- _THE PROBLEM_
Retype each entry exactly as written, and keep the pictures out of the copy.

Text-to-region grounding data:

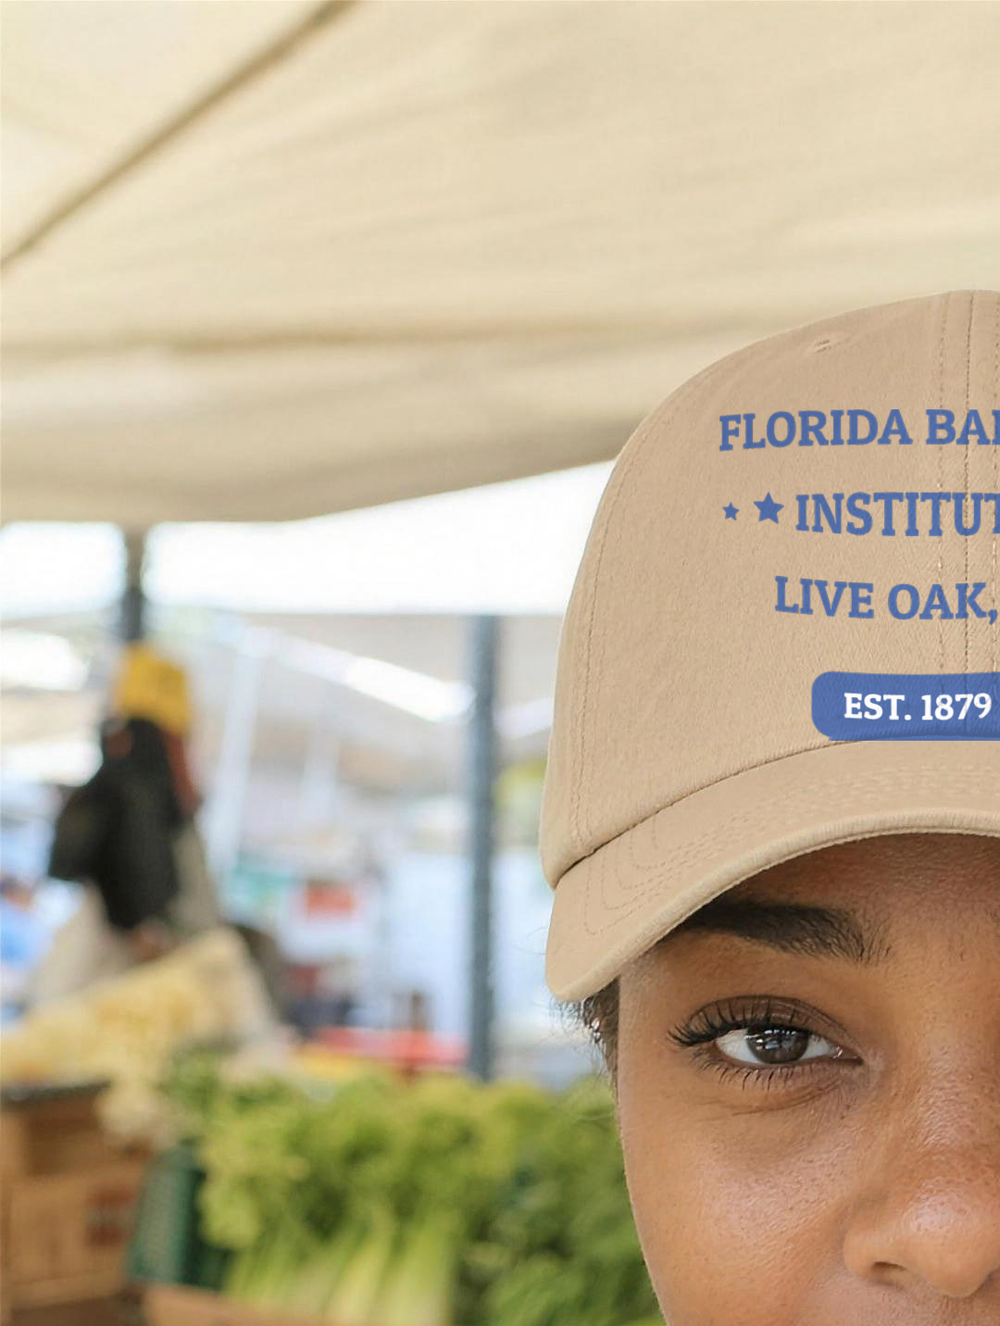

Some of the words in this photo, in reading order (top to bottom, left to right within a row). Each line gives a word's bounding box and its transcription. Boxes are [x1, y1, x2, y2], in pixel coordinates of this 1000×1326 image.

[719, 409, 913, 452] FLORIDA
[774, 575, 874, 619] LIVE
[887, 582, 999, 625] OAK,
[843, 692, 912, 721] EST.
[920, 692, 993, 721] 1879

- _YOUR RESPONSE_
Some of the words in this photo, in reading order (top to bottom, left to right within a row). Each line gives a word's bounding box and its transcription. Boxes are [x1, y1, x2, y2], in pixel coordinates of this 1000×1326 image.

[719, 409, 913, 452] FLORIDA
[774, 575, 874, 619] LIVE
[887, 582, 999, 625] OAK,
[843, 692, 912, 721] EST.
[920, 692, 993, 721] 1879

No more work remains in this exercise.